Host Sizing
Connexion has no minimum hardware check during installation, and does not require heavy-weight hardware to give adequate performance. We generally recommend a quad-core CPU, 4 gigabytes of memory, and 30 gigabytes of free space as adequate for simpler systems. If you require high-performance, many channels, complex channels, or will be processing large messages (MB instead of KB) then read the 'Hardware - Advanced' section below or contact Conevity for recommendations.
Most modern deployments of Connexion utilize some type of virtualized hosting, whether local or cloud. These environments often have the ability to dynamically scale resources as the Connexion and database workloads change.
Production systems typically host Connexion databases separately from the Connexion application, as this allows database-level redundancy as well as more flexible scaling. In this scenario, you will need to provision both a Connexion host and a Database host.
Recommended Sizing Approach
The most accurate way to approach sizing for production systems, if needed, is to provision a test environment with metrics enabled. This will let you simulate a production workload while monitoring resource usage, throughput, on-disk growth etc.
Hardware
It is difficult to provide specific hardware recommendations in this document, as there are many variables to consider when sizing systems. If you need help specifying hardware, please contact Conevity.
The following should be considered when sizing hardware for Connexion:
Number of Channels: Are you expecting to run 5 channels or 100? If you will be using the 'execution groups' feature of Connexion to isolate channels, an extra ~100 MB of memory will be required per group.
Channel Complexity: Are your channels performing simple operations like reading/writing HL7 and simple transformations, or are you performing heavy string manipulation or running complex database queries?
Message Composition: Are the messages you are processing 100K or 30MB? Memory requirements increase dramatically as message size increases.
Performance Expectations: What is the expected peak load? Do you have latency requirements?
Redundancy: Additional resources will be required if you are using one of SQL Server's fail-over features (mirroring, always-on, etc.)

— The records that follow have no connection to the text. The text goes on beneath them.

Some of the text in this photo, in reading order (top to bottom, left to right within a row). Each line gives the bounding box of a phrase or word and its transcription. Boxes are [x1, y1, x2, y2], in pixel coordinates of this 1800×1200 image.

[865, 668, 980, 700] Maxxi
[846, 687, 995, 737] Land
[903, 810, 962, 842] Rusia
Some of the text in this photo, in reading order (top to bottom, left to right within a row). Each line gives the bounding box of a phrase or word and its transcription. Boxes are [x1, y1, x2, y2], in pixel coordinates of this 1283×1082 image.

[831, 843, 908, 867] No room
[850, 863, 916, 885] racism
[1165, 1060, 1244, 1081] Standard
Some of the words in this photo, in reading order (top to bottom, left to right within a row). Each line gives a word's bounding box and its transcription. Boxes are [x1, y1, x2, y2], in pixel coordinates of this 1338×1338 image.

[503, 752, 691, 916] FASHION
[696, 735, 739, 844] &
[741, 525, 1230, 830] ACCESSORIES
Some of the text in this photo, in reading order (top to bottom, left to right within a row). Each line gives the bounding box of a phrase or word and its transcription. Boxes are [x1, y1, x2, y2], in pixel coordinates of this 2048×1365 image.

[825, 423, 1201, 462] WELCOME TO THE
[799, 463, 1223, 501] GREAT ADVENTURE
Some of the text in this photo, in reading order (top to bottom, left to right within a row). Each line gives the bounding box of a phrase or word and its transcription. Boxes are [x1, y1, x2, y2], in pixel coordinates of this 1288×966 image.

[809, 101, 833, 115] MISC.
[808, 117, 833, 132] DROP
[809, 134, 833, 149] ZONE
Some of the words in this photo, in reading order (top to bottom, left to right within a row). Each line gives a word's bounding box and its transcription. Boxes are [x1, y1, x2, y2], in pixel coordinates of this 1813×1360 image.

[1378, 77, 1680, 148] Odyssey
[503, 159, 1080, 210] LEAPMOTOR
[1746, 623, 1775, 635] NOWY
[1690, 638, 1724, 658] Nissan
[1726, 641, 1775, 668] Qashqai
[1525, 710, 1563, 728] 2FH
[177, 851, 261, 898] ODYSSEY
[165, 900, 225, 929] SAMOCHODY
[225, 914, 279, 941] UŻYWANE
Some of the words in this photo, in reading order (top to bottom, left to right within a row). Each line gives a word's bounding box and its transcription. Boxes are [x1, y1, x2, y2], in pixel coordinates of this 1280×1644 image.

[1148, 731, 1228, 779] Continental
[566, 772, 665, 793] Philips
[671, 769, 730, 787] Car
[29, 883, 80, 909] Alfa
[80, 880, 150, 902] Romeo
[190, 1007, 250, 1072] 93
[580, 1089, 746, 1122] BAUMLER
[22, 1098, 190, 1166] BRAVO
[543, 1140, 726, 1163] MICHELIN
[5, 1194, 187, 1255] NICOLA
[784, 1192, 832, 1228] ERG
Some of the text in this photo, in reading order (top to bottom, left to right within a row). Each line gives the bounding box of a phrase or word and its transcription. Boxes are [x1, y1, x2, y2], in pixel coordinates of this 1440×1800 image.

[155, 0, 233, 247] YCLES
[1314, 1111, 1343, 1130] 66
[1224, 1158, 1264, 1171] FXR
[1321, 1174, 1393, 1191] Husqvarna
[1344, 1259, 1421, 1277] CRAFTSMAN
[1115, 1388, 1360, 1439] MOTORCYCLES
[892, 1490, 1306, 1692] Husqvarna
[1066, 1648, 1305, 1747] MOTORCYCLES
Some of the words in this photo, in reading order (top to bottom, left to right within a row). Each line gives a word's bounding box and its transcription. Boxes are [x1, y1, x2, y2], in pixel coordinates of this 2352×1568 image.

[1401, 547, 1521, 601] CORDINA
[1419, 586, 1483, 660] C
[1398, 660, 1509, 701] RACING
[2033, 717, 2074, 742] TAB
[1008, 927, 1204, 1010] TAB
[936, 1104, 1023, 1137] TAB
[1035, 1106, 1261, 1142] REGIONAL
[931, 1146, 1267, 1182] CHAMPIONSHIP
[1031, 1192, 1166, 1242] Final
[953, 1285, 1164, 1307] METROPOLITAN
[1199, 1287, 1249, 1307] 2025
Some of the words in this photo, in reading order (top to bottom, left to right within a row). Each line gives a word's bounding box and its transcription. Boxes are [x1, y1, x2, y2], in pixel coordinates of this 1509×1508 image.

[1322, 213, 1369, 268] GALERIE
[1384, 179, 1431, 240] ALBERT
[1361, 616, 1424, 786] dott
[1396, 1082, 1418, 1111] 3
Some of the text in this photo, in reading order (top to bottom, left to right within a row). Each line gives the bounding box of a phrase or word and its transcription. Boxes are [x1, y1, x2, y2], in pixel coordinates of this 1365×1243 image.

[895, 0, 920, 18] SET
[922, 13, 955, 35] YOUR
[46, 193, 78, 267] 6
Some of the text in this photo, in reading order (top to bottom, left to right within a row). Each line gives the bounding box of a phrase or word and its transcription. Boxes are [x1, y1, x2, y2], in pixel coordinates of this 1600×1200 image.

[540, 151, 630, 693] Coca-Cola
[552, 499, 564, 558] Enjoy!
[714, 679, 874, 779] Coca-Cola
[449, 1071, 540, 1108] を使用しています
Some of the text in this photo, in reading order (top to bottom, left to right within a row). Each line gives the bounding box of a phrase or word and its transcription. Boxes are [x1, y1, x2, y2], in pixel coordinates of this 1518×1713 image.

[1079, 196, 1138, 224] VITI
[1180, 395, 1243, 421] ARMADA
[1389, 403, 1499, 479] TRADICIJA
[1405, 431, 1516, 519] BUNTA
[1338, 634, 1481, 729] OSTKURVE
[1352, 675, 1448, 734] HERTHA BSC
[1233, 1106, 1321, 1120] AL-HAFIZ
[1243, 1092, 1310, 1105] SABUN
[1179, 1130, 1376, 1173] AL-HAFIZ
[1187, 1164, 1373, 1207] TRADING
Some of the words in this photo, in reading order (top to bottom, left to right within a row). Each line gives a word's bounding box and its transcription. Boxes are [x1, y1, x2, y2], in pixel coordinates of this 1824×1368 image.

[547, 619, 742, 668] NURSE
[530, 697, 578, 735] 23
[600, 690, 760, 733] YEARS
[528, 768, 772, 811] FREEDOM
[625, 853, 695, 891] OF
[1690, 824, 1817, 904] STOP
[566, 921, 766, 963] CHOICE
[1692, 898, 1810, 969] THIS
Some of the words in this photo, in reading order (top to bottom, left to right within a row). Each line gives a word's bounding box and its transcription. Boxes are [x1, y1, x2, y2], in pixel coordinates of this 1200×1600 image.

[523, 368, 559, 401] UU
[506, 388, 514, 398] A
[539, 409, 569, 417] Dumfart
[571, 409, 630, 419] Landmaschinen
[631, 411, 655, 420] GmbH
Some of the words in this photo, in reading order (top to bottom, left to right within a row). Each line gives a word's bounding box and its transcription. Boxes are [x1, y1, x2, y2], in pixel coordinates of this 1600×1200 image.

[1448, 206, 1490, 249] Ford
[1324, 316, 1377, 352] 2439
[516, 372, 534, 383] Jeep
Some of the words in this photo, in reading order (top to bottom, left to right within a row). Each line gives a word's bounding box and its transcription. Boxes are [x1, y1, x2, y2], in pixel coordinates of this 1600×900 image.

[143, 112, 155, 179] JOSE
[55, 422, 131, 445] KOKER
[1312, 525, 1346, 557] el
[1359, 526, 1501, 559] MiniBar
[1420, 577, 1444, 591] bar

For a typical install of up to 10 simple channels, processing a typical message stream (< 100K / message), we would recommend an absolute minimum of 2 gigabytes of memory and 2 logical cores for systems not running a local database. Systems running Connexion and database host should have a minimum of 4 gigabytes of memory and 4 physical cores.
As the channel count, channel complexity, message size, and performance requirements increase, so should your memory and processor power.
Storage
By default, Connexion stores each received message as well as relevant processing metadata for 90 days (the message retention period is user-configurable). The actual size-on-disk of each stored message will be dependent on how much processing metadata is being stored with the message (by default, a copy of the message will be stored each time it is changed by a device). A rough estimate of required free space can be calculated by multiplying the expected message size, expected message volume (for all channels) per day, and message retention period. You should multiply the result by the number of devices that change the message. For example, a channel containing a transform device will store a copy of the transformed message, and therefore be storing both the original message and the updated one.
Disk Performance
Database / Disk IO is typically the bottleneck for Connexion throughput. High-performance systems should consider investing in high throughput disk subsystems such as SSD RAID or PCI-based SSD solutions.
Memory
SQL Server will use free memory to load much of Connexion's database and reduce the number of relatively slow paging operations. The more memory, the better, although some versions of SQL Server may have hard memory usage limits.
CPU
For systems with few channels, higher clock speeds usually provide better performance. For systems with many channels, higher core counts usually provide better overall performance.